INPUT:
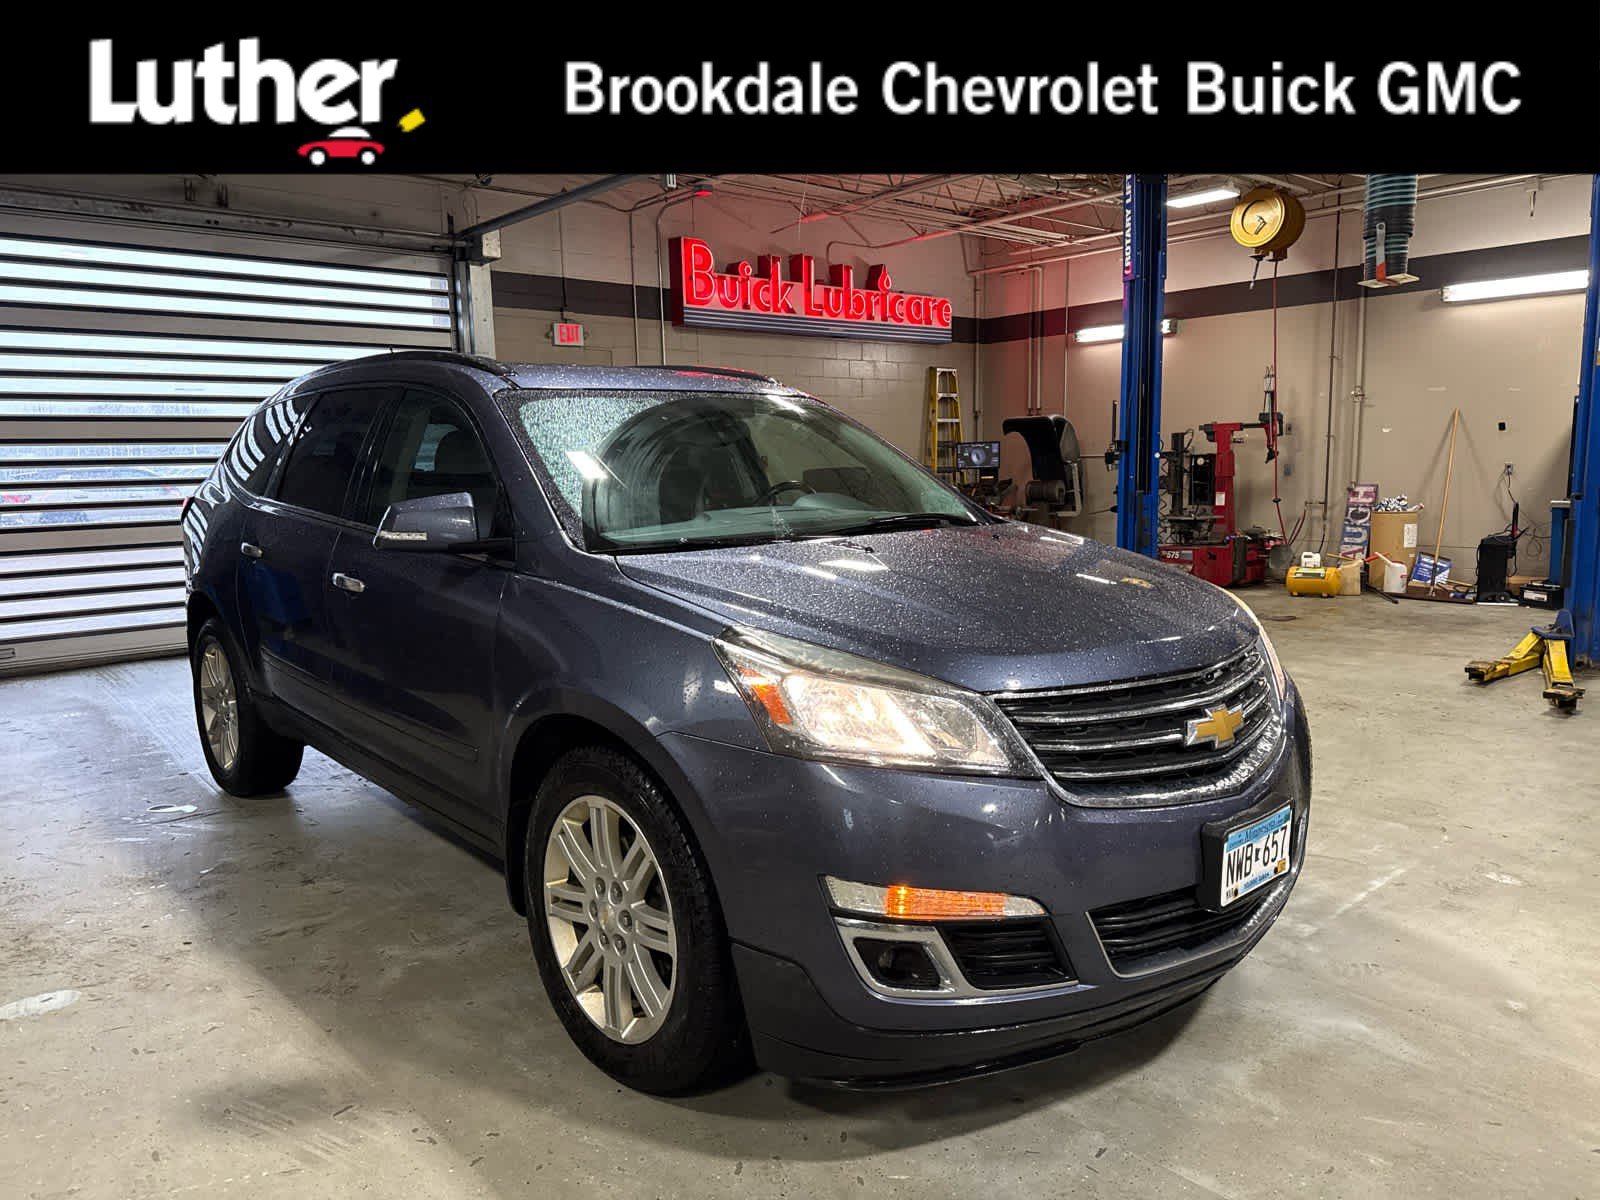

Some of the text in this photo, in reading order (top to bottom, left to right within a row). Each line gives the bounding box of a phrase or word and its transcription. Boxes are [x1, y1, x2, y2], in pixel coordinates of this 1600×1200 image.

[1124, 208, 1132, 267] ROTARY
[682, 237, 953, 328] Buick Lubricare
[558, 323, 580, 345] EXIT
[1226, 824, 1288, 889] NWB 657
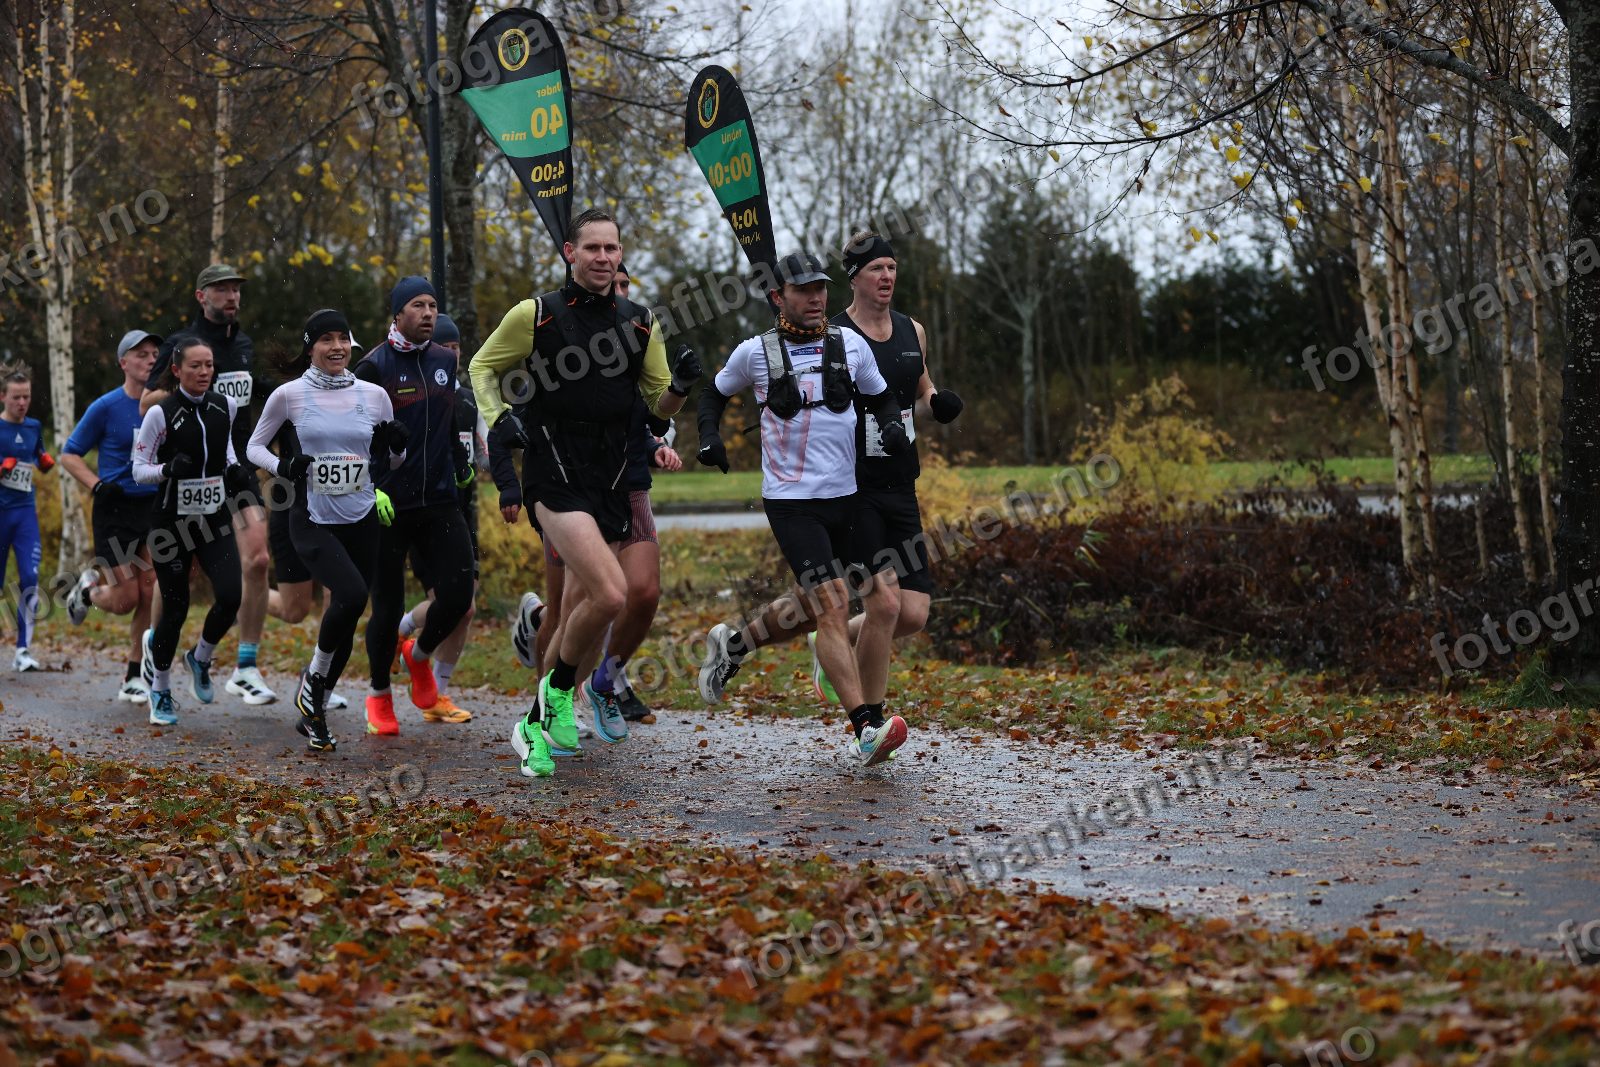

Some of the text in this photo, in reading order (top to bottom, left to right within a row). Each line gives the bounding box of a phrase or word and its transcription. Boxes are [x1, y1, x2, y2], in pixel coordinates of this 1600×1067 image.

[721, 128, 743, 145] Under
[218, 379, 249, 398] 9002
[317, 463, 364, 485] 9517
[182, 486, 221, 506] 9495
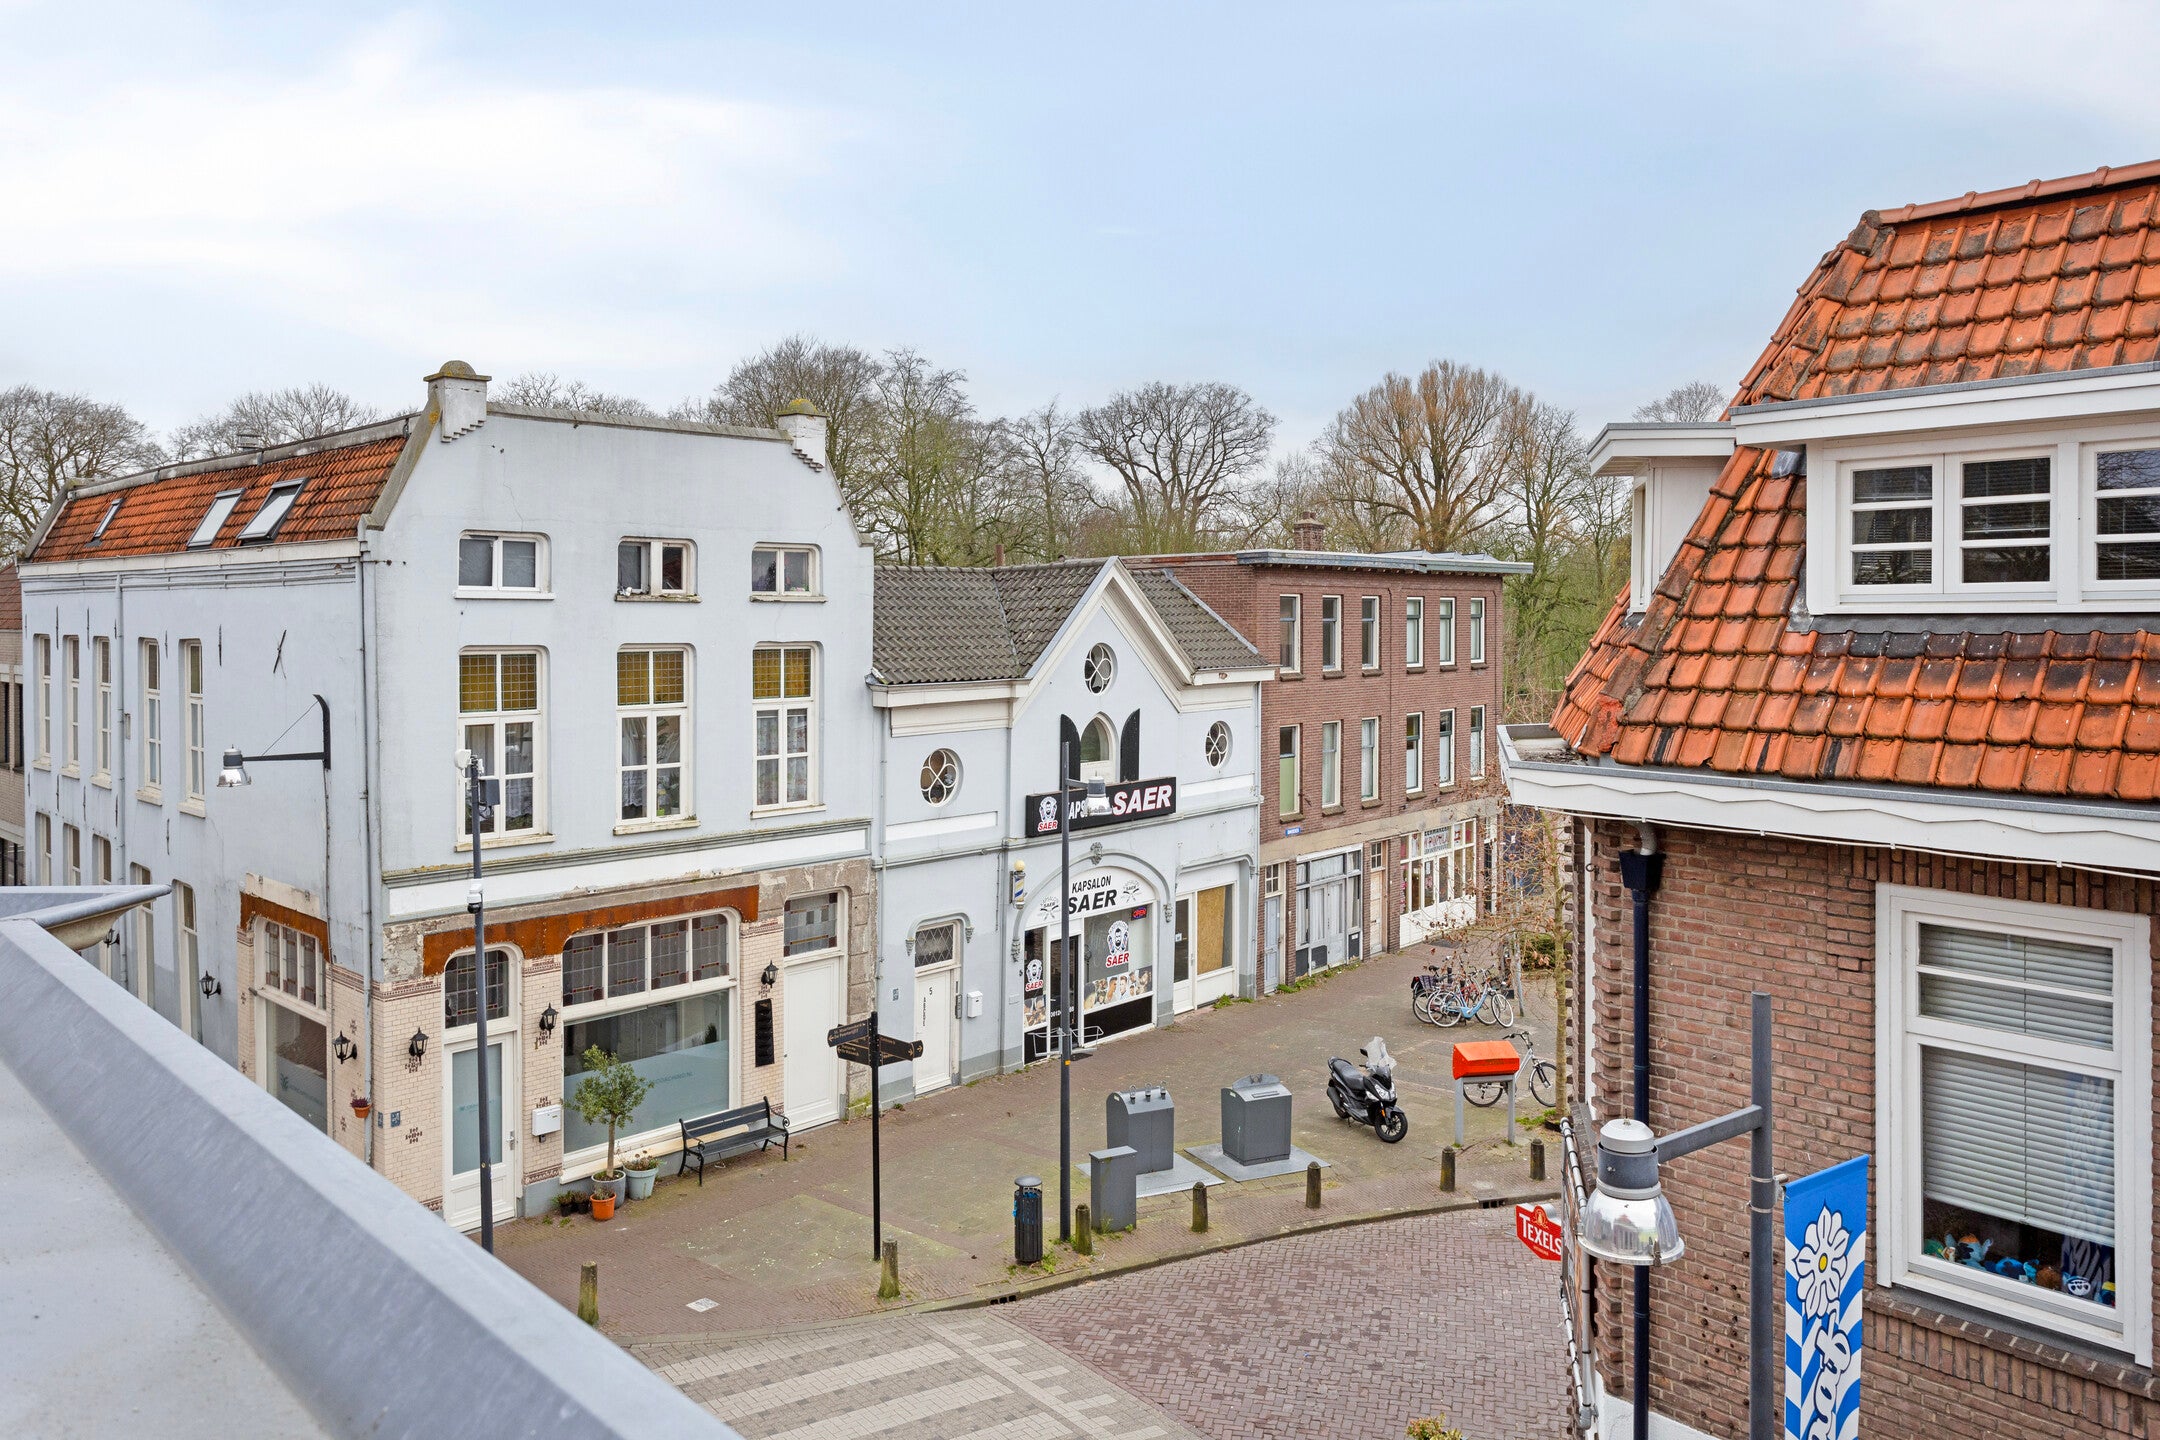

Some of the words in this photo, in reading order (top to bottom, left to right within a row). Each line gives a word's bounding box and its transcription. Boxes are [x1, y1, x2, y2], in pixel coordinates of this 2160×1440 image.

[1112, 784, 1172, 817] SAER
[1038, 820, 1058, 832] SAER
[1071, 875, 1112, 894] KAPSALON
[1069, 889, 1118, 915] SAER
[1106, 952, 1130, 967] SAER
[1025, 980, 1043, 991] SAER
[1518, 1212, 1562, 1256] TEXELS
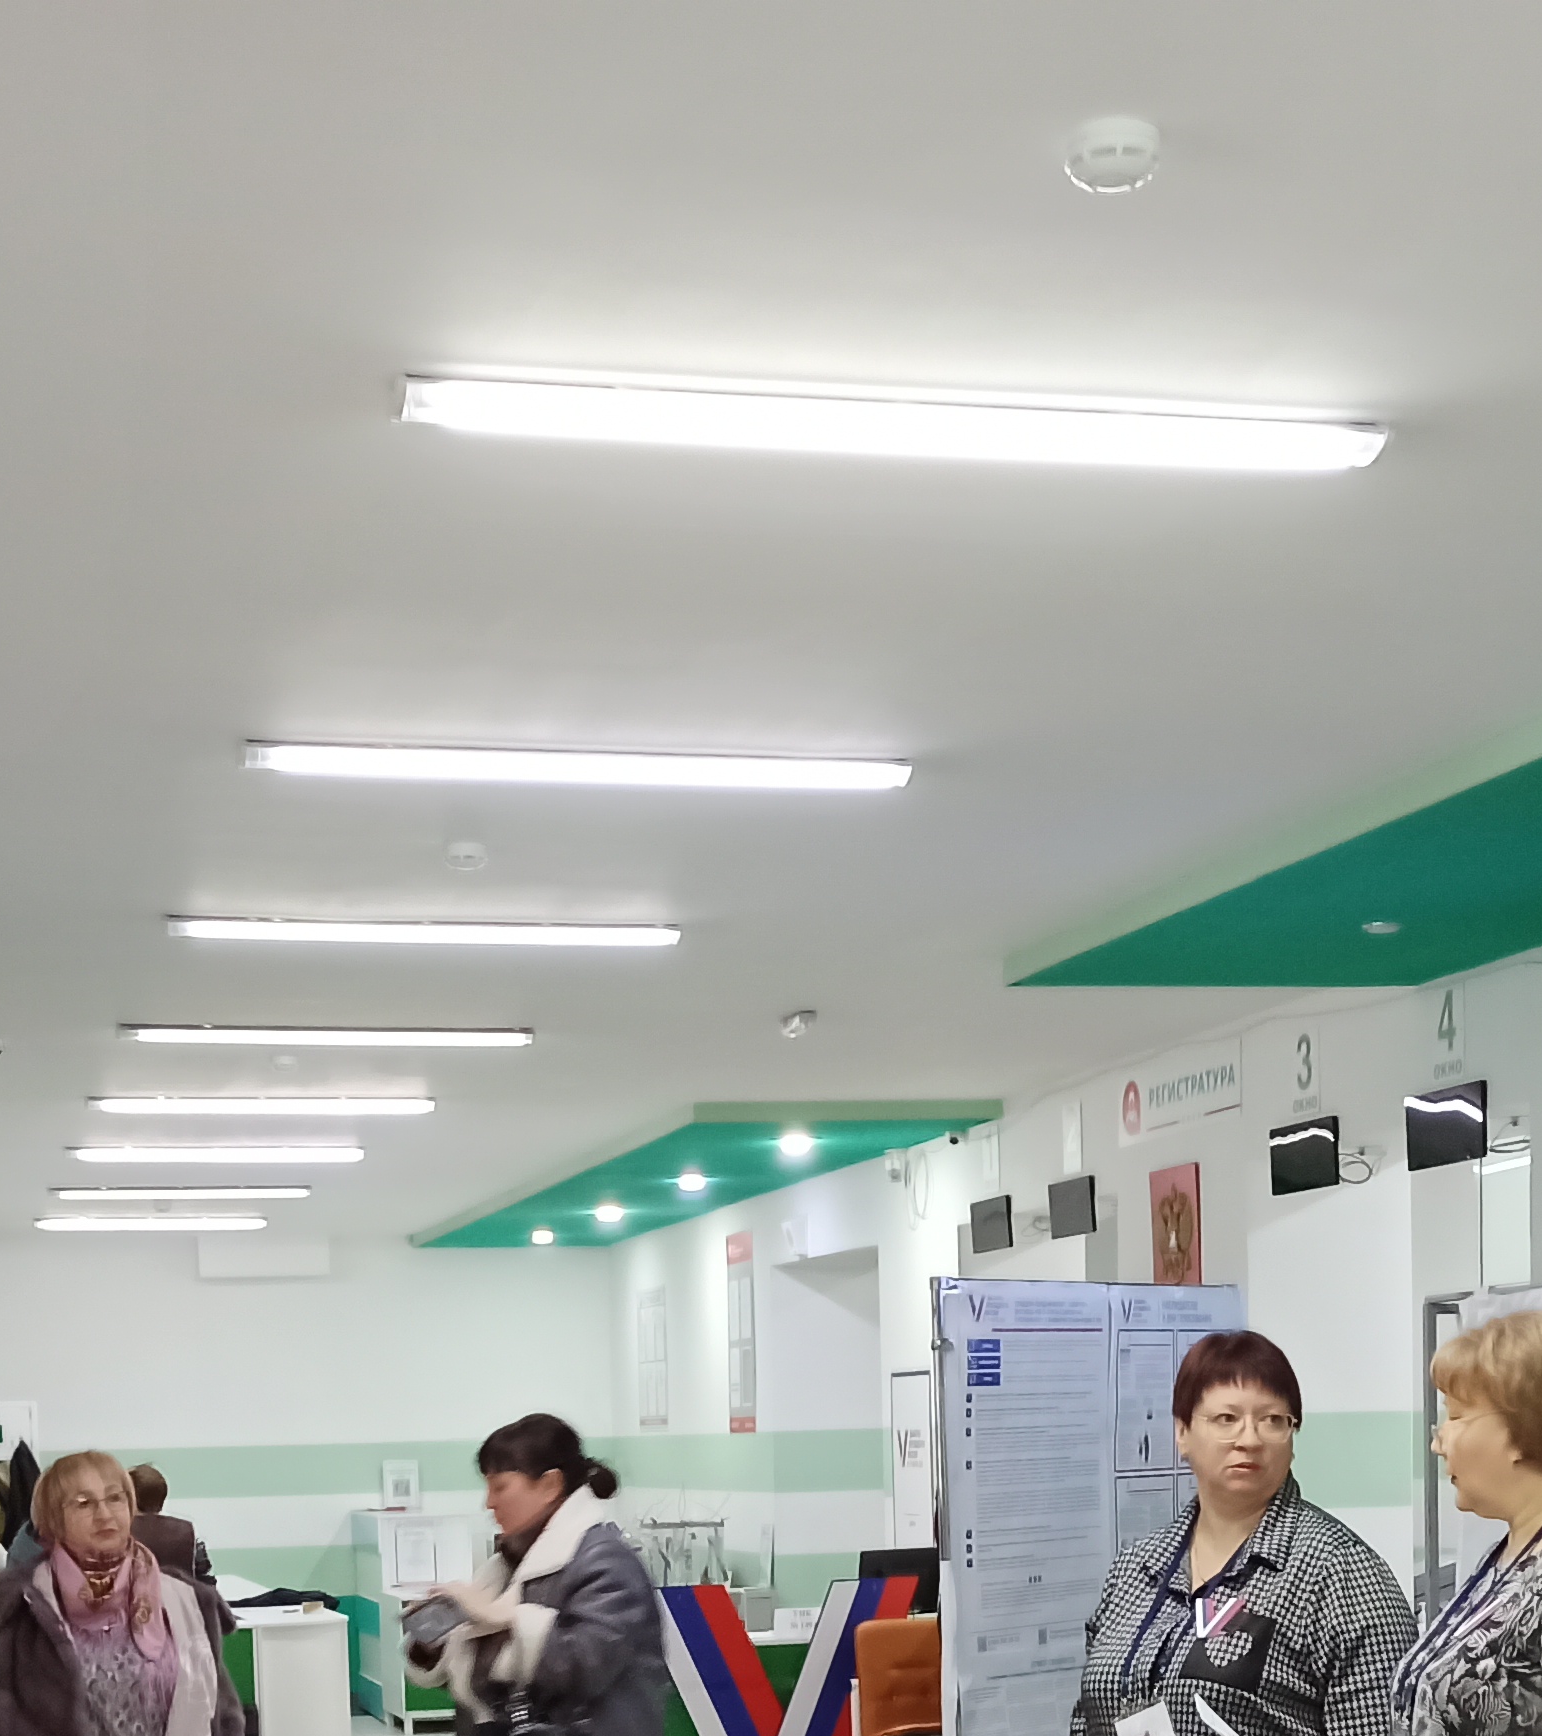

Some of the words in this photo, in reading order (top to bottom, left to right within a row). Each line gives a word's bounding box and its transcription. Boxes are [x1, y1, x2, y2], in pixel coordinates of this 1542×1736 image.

[1437, 989, 1457, 1051] 4
[1148, 1063, 1236, 1110] РЕГИСТРАТУРА
[1296, 1033, 1313, 1091] 3

EXERCISE OBJECTIVE: In your answer, repeat the material above in full, exactly, and without its pictures.

ANSWER TO THIS EXERCISE:
Some of the text in this photo, in reading order (top to bottom, left to right within a row). Each line gives the bounding box of a phrase or word and its transcription. Boxes are [x1, y1, x2, y2], in pixel coordinates of this 1600×1200 image.

[1124, 208, 1132, 267] ROTARY
[682, 237, 953, 328] Buick Lubricare
[558, 323, 580, 345] EXIT
[1226, 824, 1288, 889] NWB 657

Some of the text in this photo, in reading order (top to bottom, left to right within a row). Each line gives the bounding box of a phrase or word and its transcription. Boxes are [x1, y1, x2, y2], in pixel coordinates of this 1600×1067 image.

[721, 128, 743, 145] Under
[218, 379, 249, 398] 9002
[317, 463, 364, 485] 9517
[182, 486, 221, 506] 9495

Some of the words in this photo, in reading order (top to bottom, left to right within a row). Each line gives a word's bounding box and its transcription. Boxes are [x1, y1, x2, y2], in pixel coordinates of this 2160×1440 image.

[1112, 784, 1172, 817] SAER
[1038, 820, 1058, 832] SAER
[1071, 875, 1112, 894] KAPSALON
[1069, 889, 1118, 915] SAER
[1106, 952, 1130, 967] SAER
[1025, 980, 1043, 991] SAER
[1518, 1212, 1562, 1256] TEXELS

Some of the words in this photo, in reading order (top to bottom, left to right within a row). Each line gives a word's bounding box and its transcription. Boxes are [x1, y1, x2, y2], in pixel coordinates of this 1542×1736 image.

[1437, 989, 1457, 1051] 4
[1148, 1063, 1236, 1110] РЕГИСТРАТУРА
[1296, 1033, 1313, 1091] 3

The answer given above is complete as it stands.